----- INFORMATION SUPPLIED
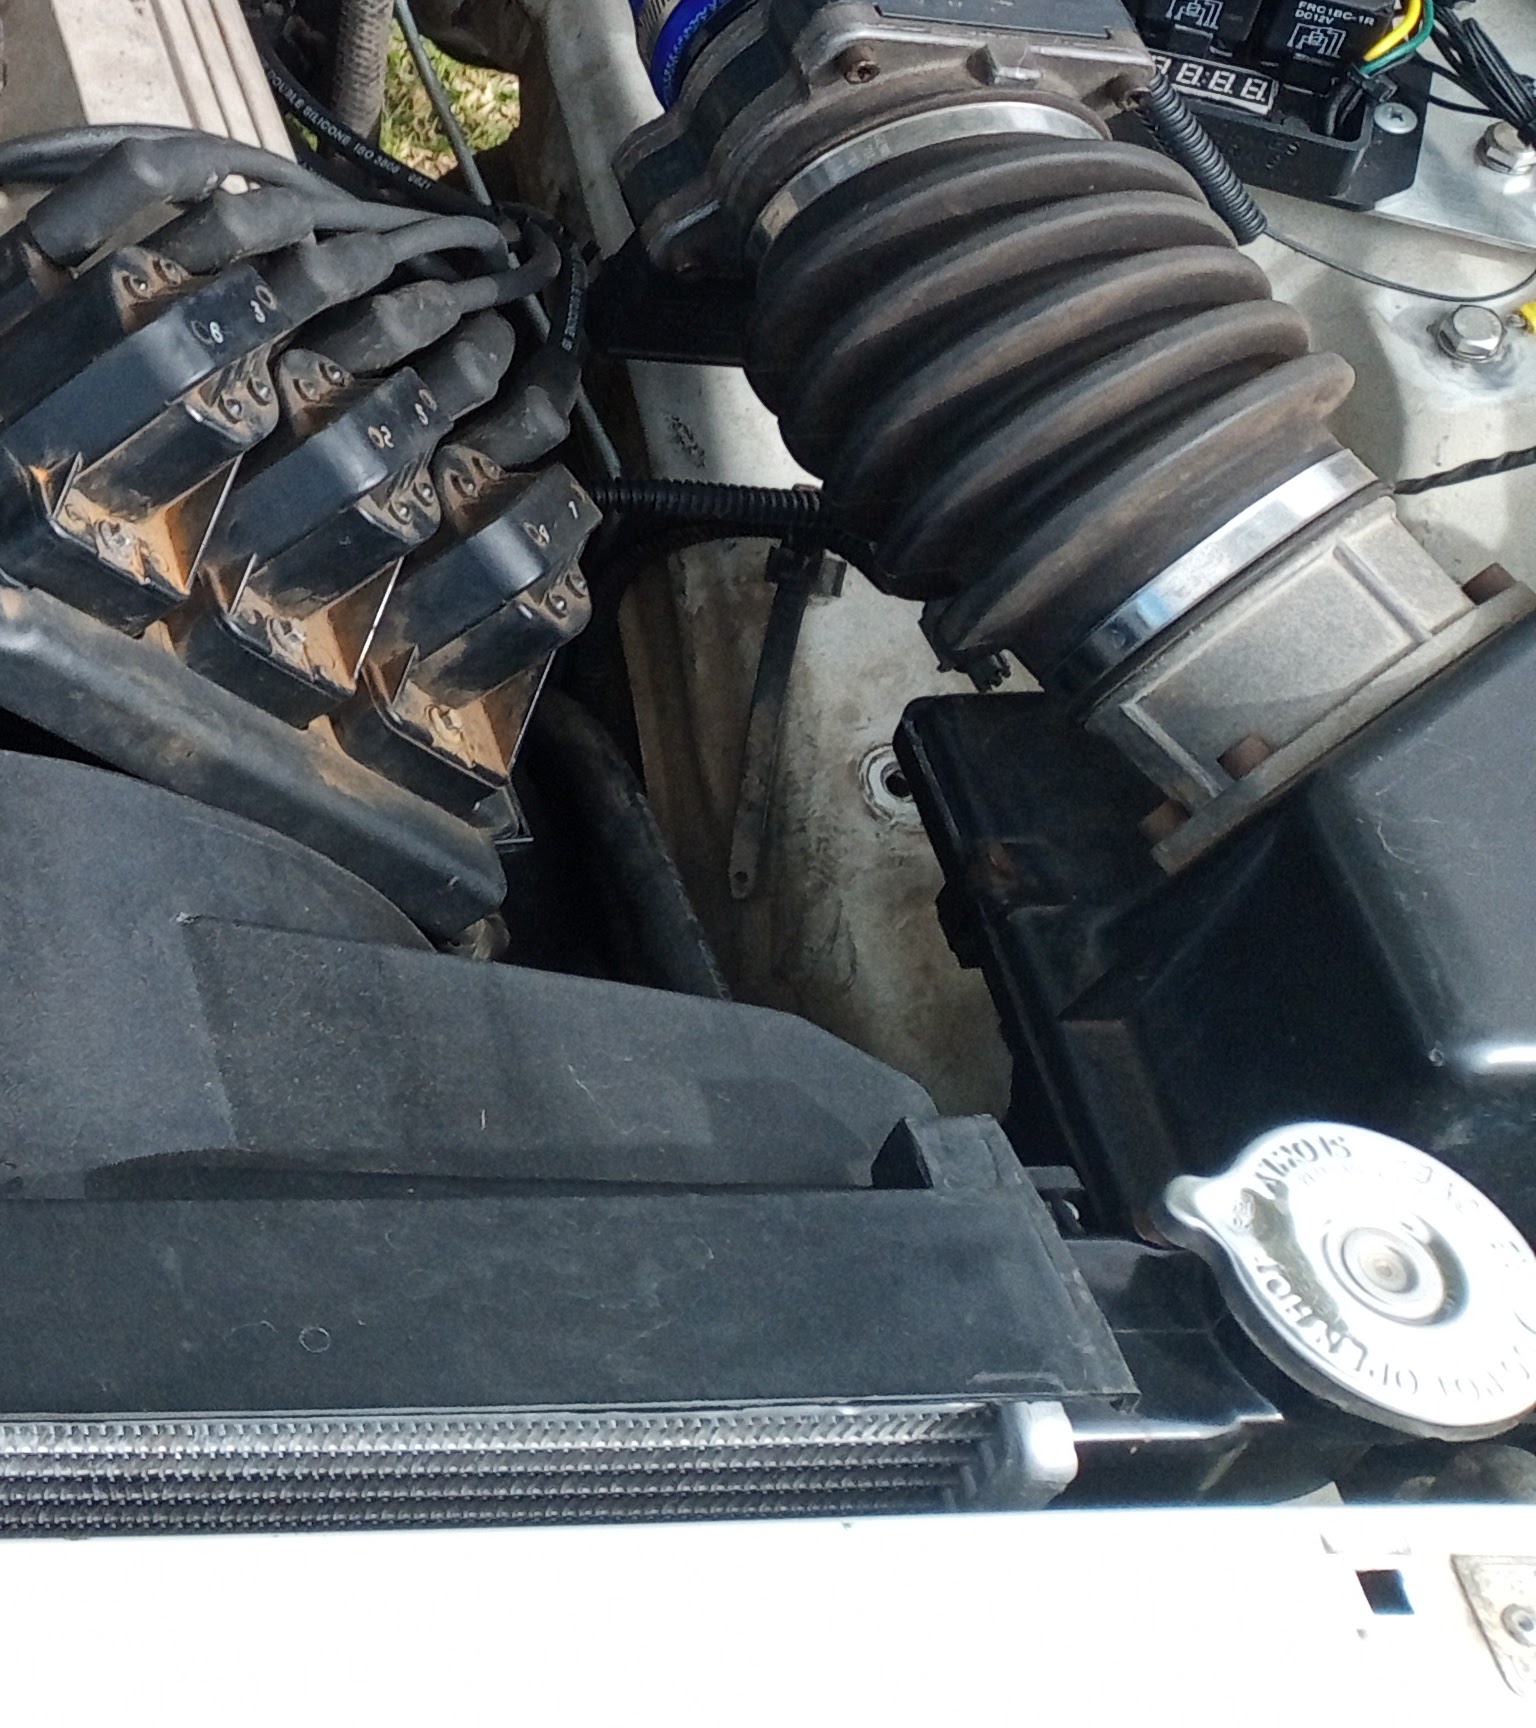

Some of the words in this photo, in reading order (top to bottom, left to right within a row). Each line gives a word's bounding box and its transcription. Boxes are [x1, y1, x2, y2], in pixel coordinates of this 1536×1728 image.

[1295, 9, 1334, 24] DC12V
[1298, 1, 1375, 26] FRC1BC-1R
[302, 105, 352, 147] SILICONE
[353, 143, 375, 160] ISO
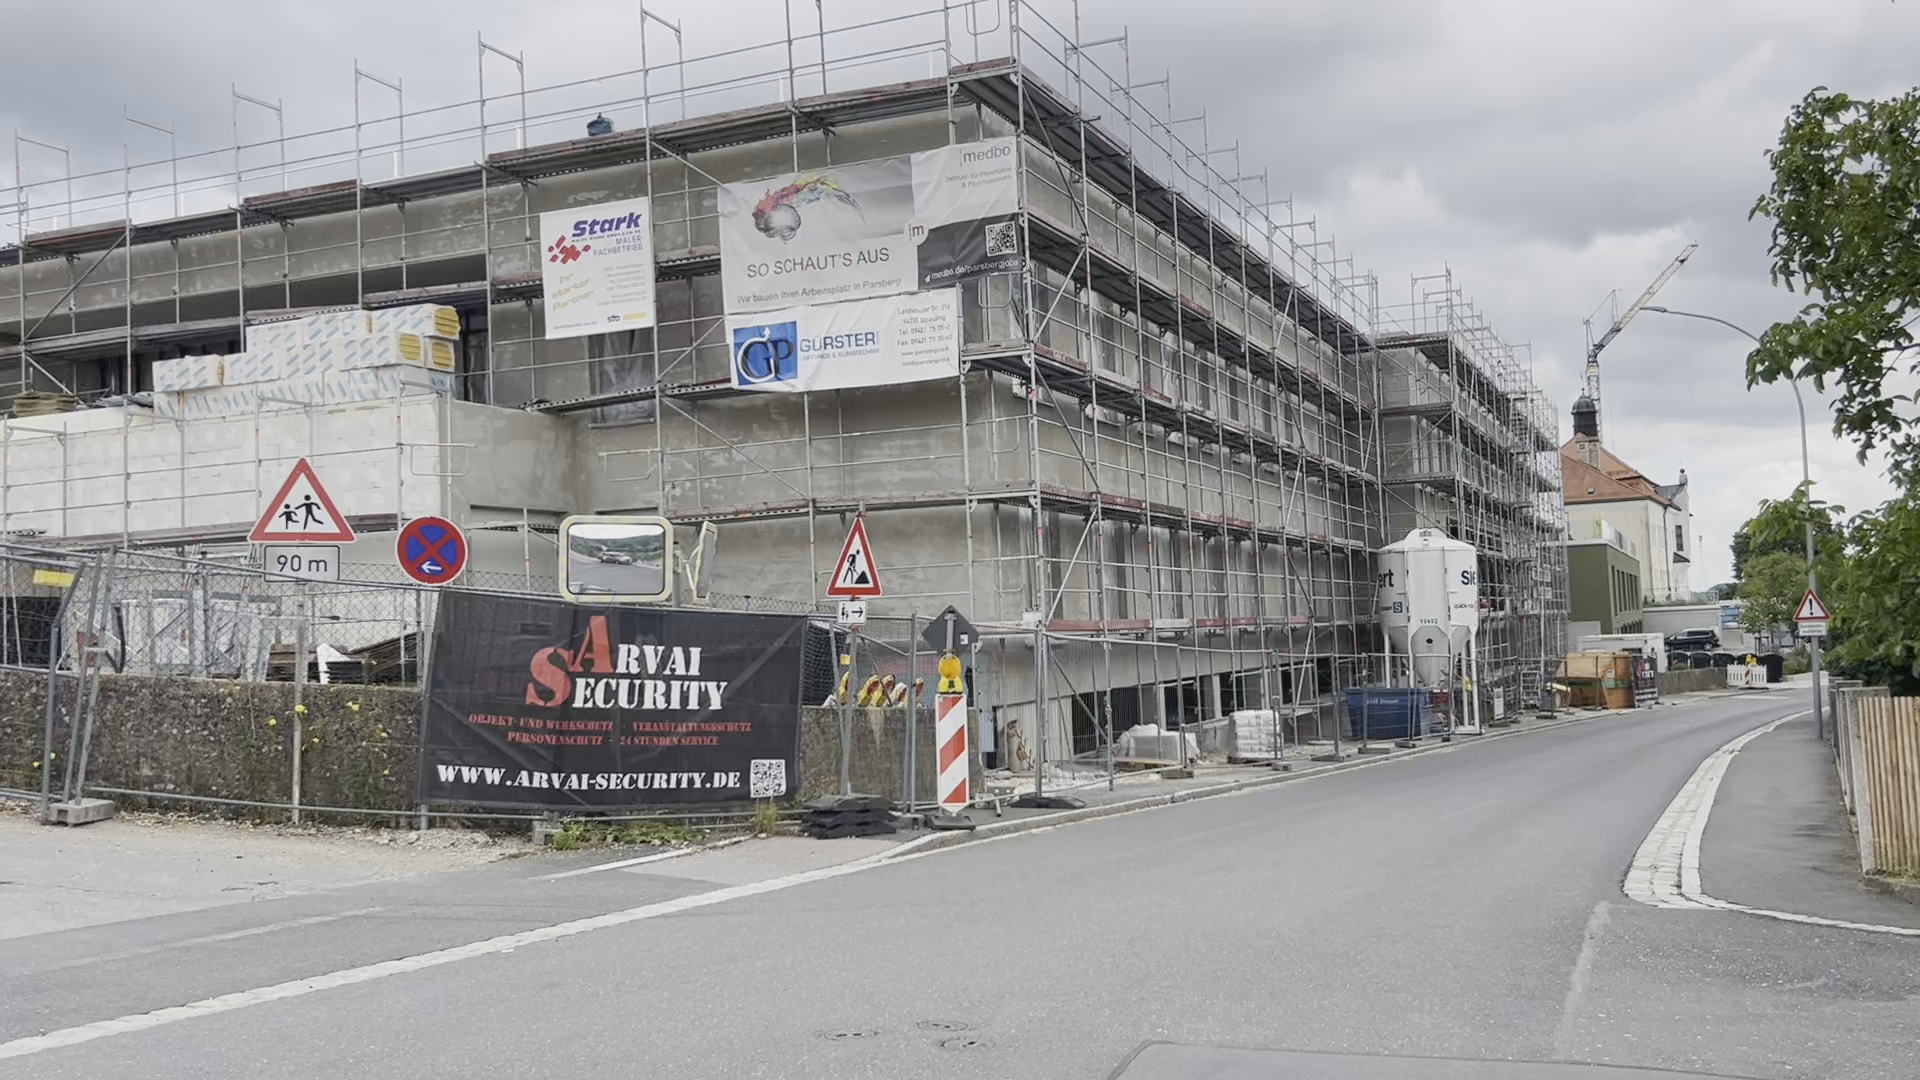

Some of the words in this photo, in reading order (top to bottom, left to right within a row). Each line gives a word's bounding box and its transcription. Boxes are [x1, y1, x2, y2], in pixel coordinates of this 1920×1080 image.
----------
Excluding all images, transcribe the material word for word.

:: EXERCISE ANSWER ::
Some of the words in this photo, in reading order (top to bottom, left to right within a row). Each line gives a word's bounding box and its transcription. Boxes are [x1, y1, x2, y2], in pixel coordinates of this 1536×1728 image.

[1295, 9, 1334, 24] DC12V
[1298, 1, 1375, 26] FRC1BC-1R
[302, 105, 352, 147] SILICONE
[353, 143, 375, 160] ISO

Some of the words in this photo, in reading order (top to bottom, left to right within a row). Each line gives a word's bounding box and its transcription. Boxes are [x1, y1, x2, y2], in pixel coordinates of this 1920×1080 image.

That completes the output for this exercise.